On 24 April 2020, the FDA cautioned against using the drug outside a hospital setting or clinical trial after reviewing case reports of adverse effects including ventricular tachycardia, ventricular fibrillation and in some cases death. According to Johns Hopkins' ABX Guide for COVID-19, "Hydroxychloroquine may cause prolonged QT, and caution should be used in critically ill COVID-19 patients who may have cardiac dysfunction or if combined with other drugs that cause QT prolongation". Caution was also recommended as to the combination of chloroquine and hydroxychloroquine with treatments which might inhibit the CYP3A4 enzyme (by which these drugs are metabolized). As such, combination might indirectly result in higher plasma levels of chloroquine and hydroxychloroquine, and thus enhance the risk for significant QT prolongation. CYP3A4 inhibitors include Azithromycin, ritonavir, and lopinavir.

On 27 April 2020 the Association of American Physicians and Surgeons wrote a letter, signed by Jane Orient and Michael Robb, to Arizona governor Doug Ducey asking to rescind his executive order forbidding the use of hydrochloroquine as a treatment for COVID-19. The executive order was signed on 2 April 2020.

On 5 June 2020, use of hydroxychloroquine in the UK RECOVERY Trial was discontinued when an interim analysis of 1,542 treatments showed it provided no mortality benefit to people hospitalized with severe COVID-19 infection over 28 days of observation.

On 15 June 2020, the FDA revoked the emergency use authorization for hydroxychloroquine and chloroquine, stating that although the evaluation of both these drugs under clinical trials continues, the FDA (after interagency consultation with the Biomedical Advanced Research and Development Authority (BARDA)) concluded that, based on new information and other information discussed "... it is no longer reasonable to believe that oral formulations of hydroxychloroquine (HCQ) and chloroquine (CQ) may be effective in treating COVID-19, nor is it reasonable to believe that the known and potential benefits of these products outweigh their known and potential risks".

On 23 July 2020, results were published from a multicenter, randomized, open-label, three-group, controlled trial of 667 participants in Brazil which found no benefit from using hydroxychloroquine, alone or with azithromycin, to treat mild-to-moderate COVID-19. In July, the U.S. President Donald Trump once again promoted the use of the drug contradicting various public health officials, including National Institute of Allergy and Infectious Diseases director Dr. Anthony Fauci.

In November 2020, a U.S. National Institutes of Health clinical trial evaluating the safety and effectiveness of hydroxychloroquine for the treatment of adults with COVID-19 formally concluded that the drug provided no clinical benefit for COVID-19 treatment and recommended against its use.

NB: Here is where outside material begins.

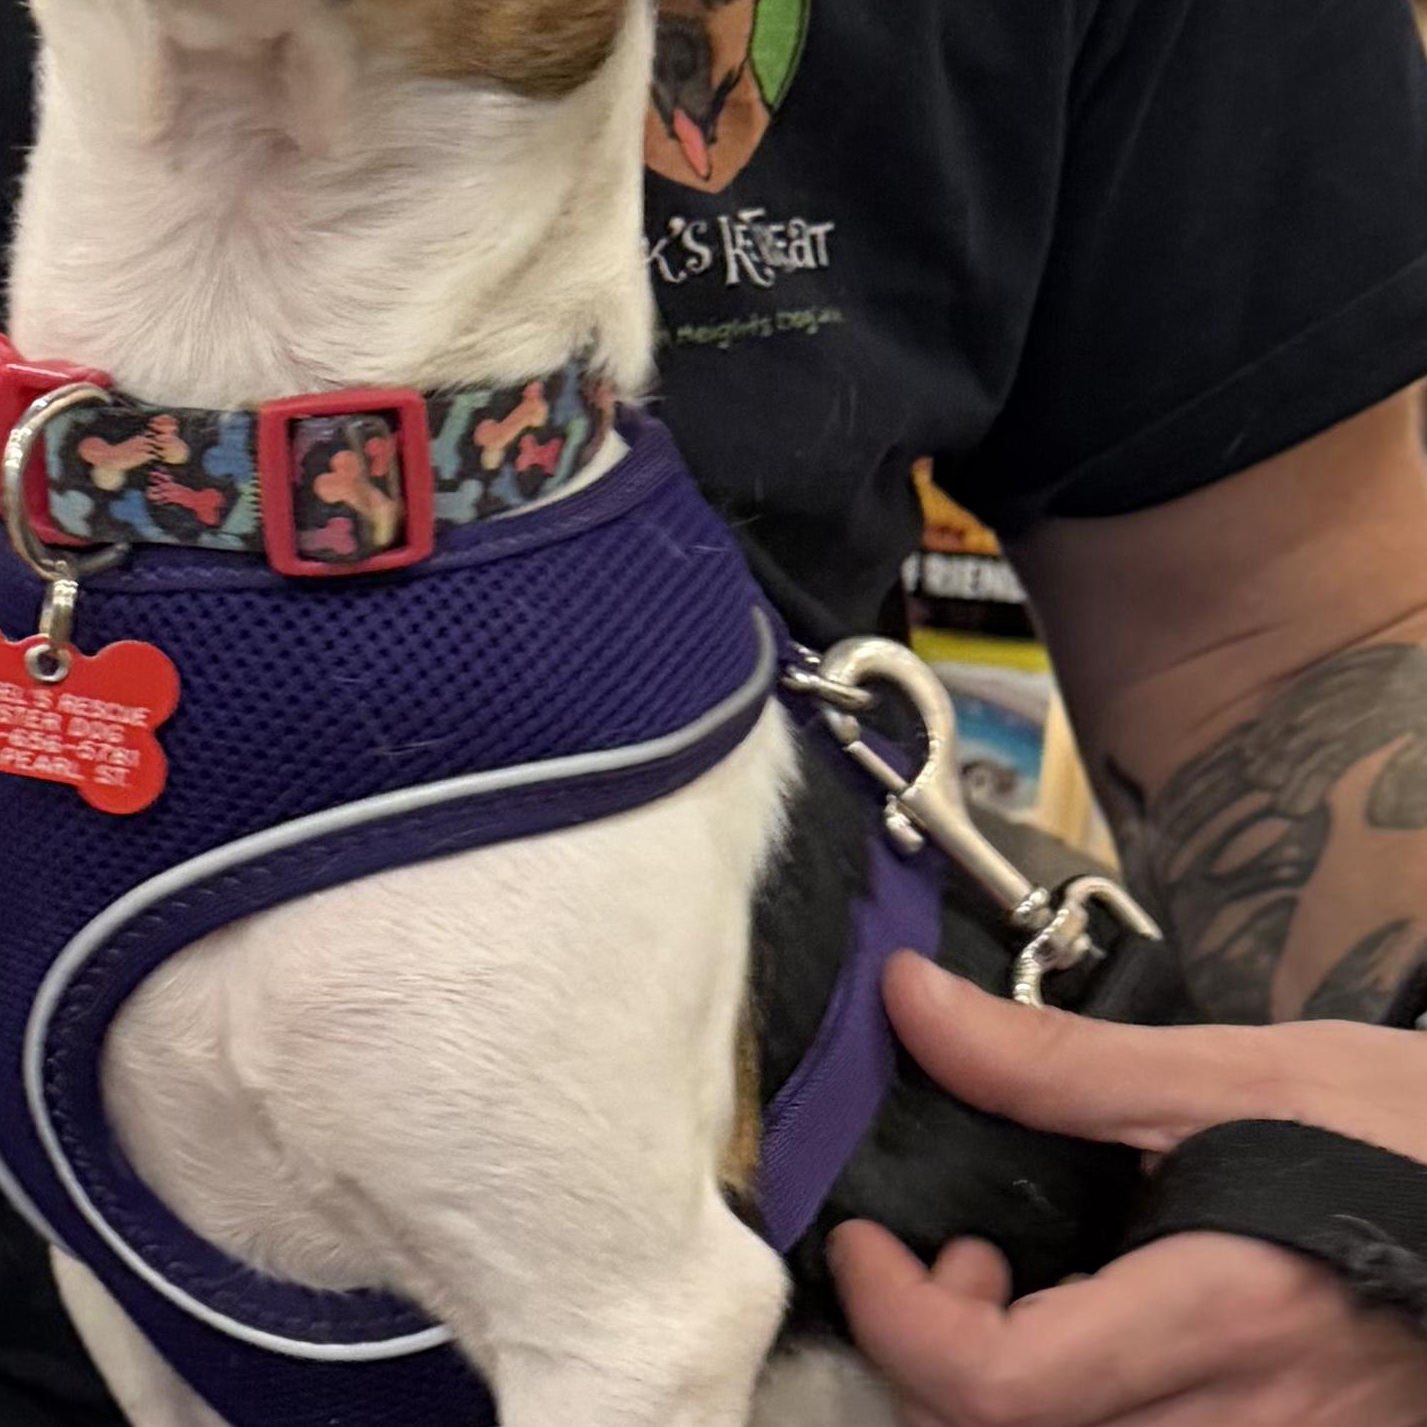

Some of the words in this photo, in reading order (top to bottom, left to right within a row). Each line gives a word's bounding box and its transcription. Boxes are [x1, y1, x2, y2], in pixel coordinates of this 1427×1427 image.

[58, 693, 151, 728] RESCUE
[67, 717, 125, 744] DOG
[94, 763, 133, 787] ST
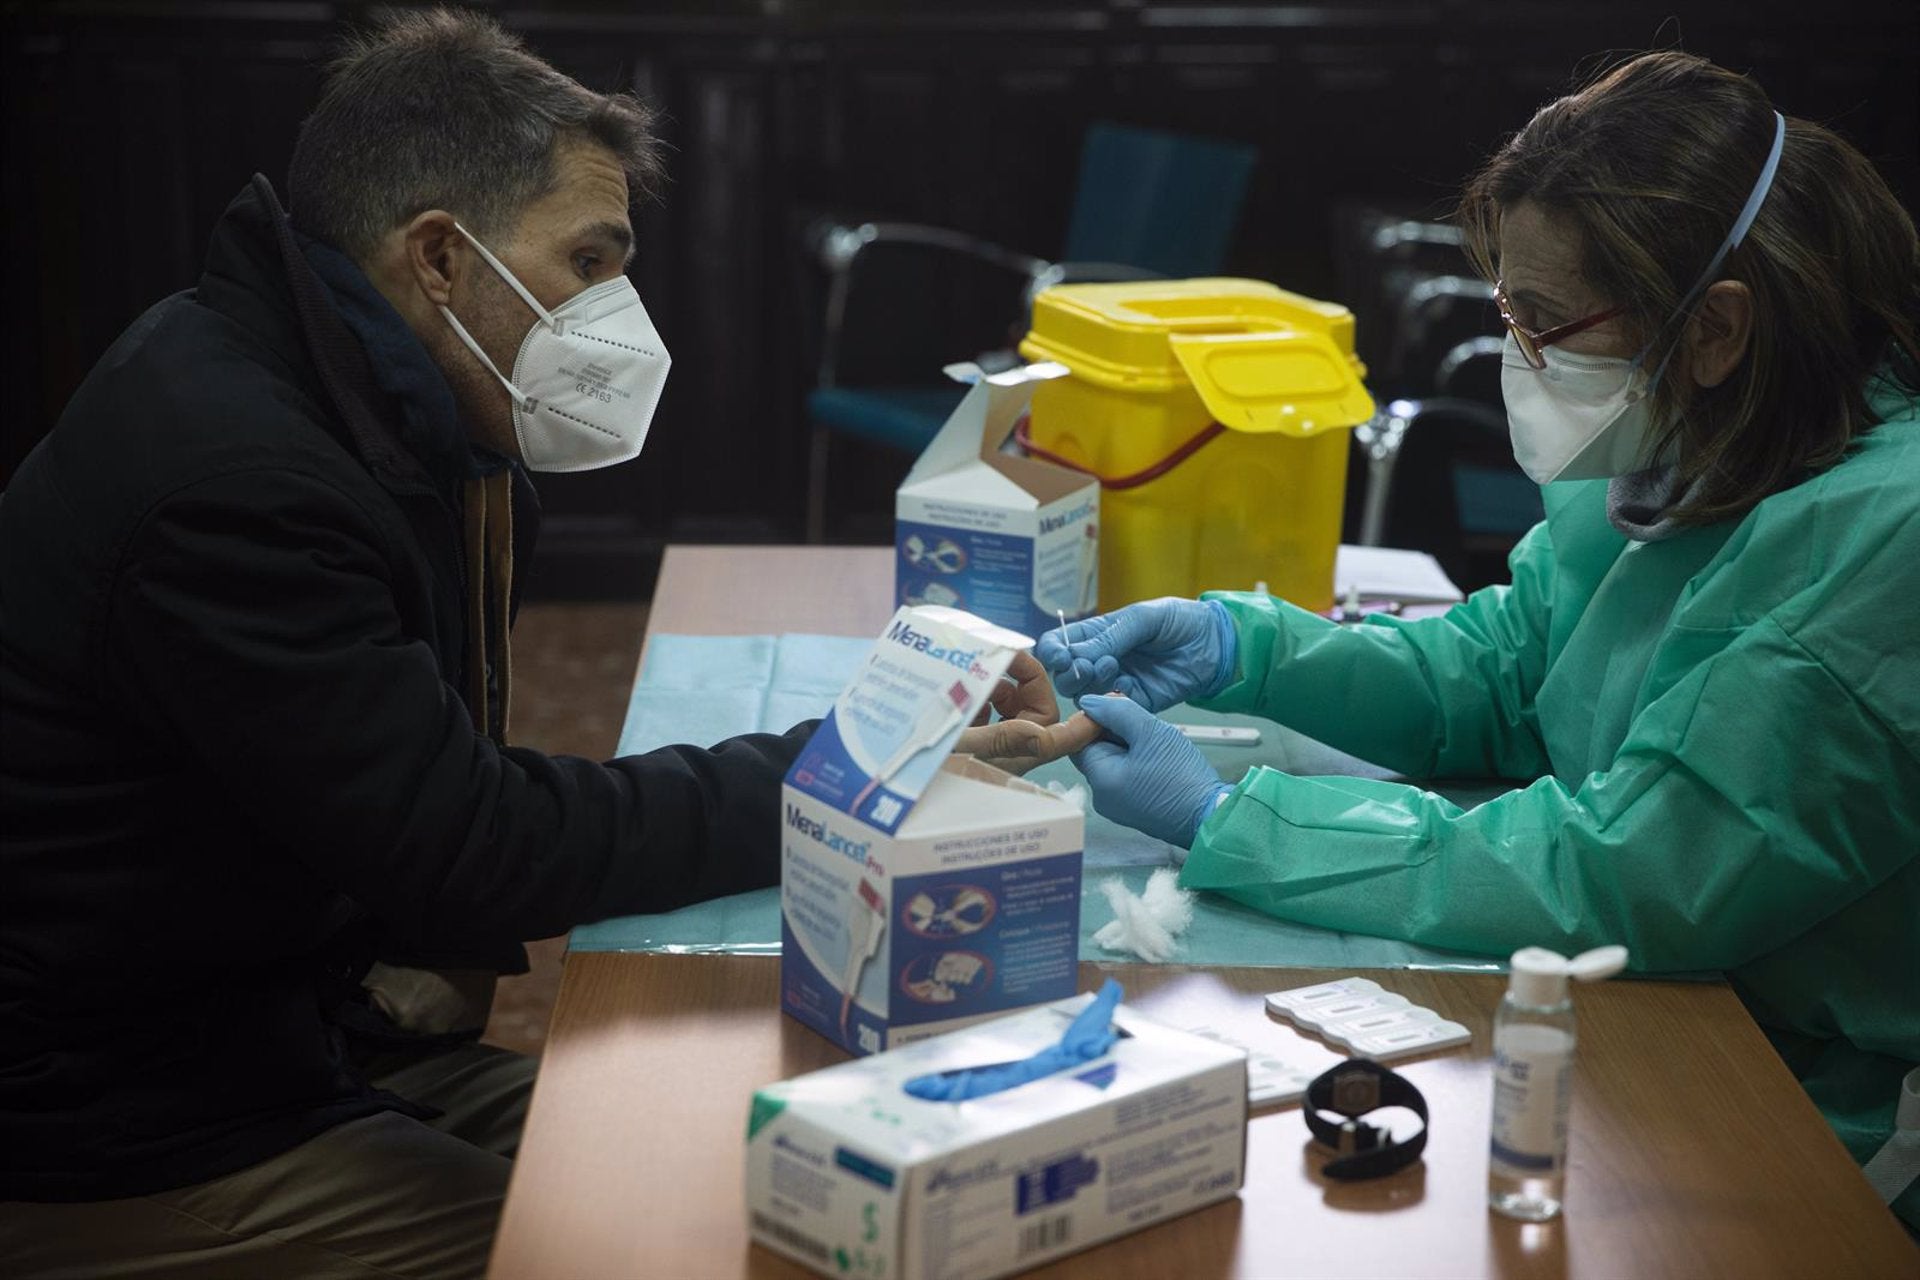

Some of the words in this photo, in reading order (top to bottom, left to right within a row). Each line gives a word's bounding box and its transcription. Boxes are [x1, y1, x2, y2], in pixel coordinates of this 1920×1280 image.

A Cochrane review from February 2021 came to the conclusion, that hydroxychloroquine has little or no effect on the risk of death. Besides, adverse events are tripled compared to placebo. The authors came to the conclusion that no further trials of hydroxychloroquine or chloroquine for treatment of COVID-19 should be carried out.

On 26 April 2021, in its amended clinical management protocol for COVID-19, the Indian Ministry of Health lists hydroxychloroquine for use in patients during the early course of the disease.

In August 2022, a meta-analysis led by Harvard epidemiologist Miguel Hernán found that the aggregate of pre-exposure prophylaxis trials with hydroxychloroquine suggested no statistically significant finding of hydoxychloqoruine as a prophylactic, but suggested gaps and exaggerations in early studies and opportunities for future improvements. Evidence of effectiveness in this setting was also provided by a large multicenter study led by the Centre for Tropical Medicine and Global Health at the University of Oxford, published only in 2024, which found a 15% decrease in symptomatic infections with prophylaxis, on the edge of statistical significance. Both studies argued that the controversies surrounding the drug early in the pandemic led to the premature closure of studies and to difficulties in trial recruitment, ultimately hurting scientific enquiry about its effectiveness.

A French study published in 2024 found that the use of hydroxychloroquine may have been associated with 17,000 deaths in Belgium, Turkey, France, Italy, Spain, and the United States. This study was ultimately retracted on August 22, 2024, after "the Editor-in-Chief found the conclusions of the article to be unreliable".

== Combined with zinc and another antibiotic ==
Due to the properties of zinc as a cofactor in the immune response for producing antibodies during viral infections, as of May 2020 it was being included among multiple-agent "cocktails" for investigating potential treatment of people hospitalized with COVID-19 infection. One such cocktail – hydroxychloroquine combined with a high dose of zinc (as a sulfate, 220 mg (50 mg elemental Zn) per day for five days, a zinc dose ~4 times higher than the reference daily intake level) and an approved antibiotic, either azithromycin or doxycycline – began in May as a Phase IV trial in New York State. However, caution was recommended about the combination of chloroquine or hydroxychloroquine with CYP3A4 inhibitors, such as azithromycin, a treatment combination found to be ineffective for preventing death in hospitalized people with COVID-19. There was preliminary evidence that combining hydroxychloroquine and azithromycin for treating non-hospitalized ("outpatient") people with COVID-19 infection with multiple comorbidities was effective, but this evidence was not confirmed by later studies: co-administration of chloroquine or hydroxychloroquine with azithromycin has been associated with increased mortality due to adverse effects, including QT prolongation.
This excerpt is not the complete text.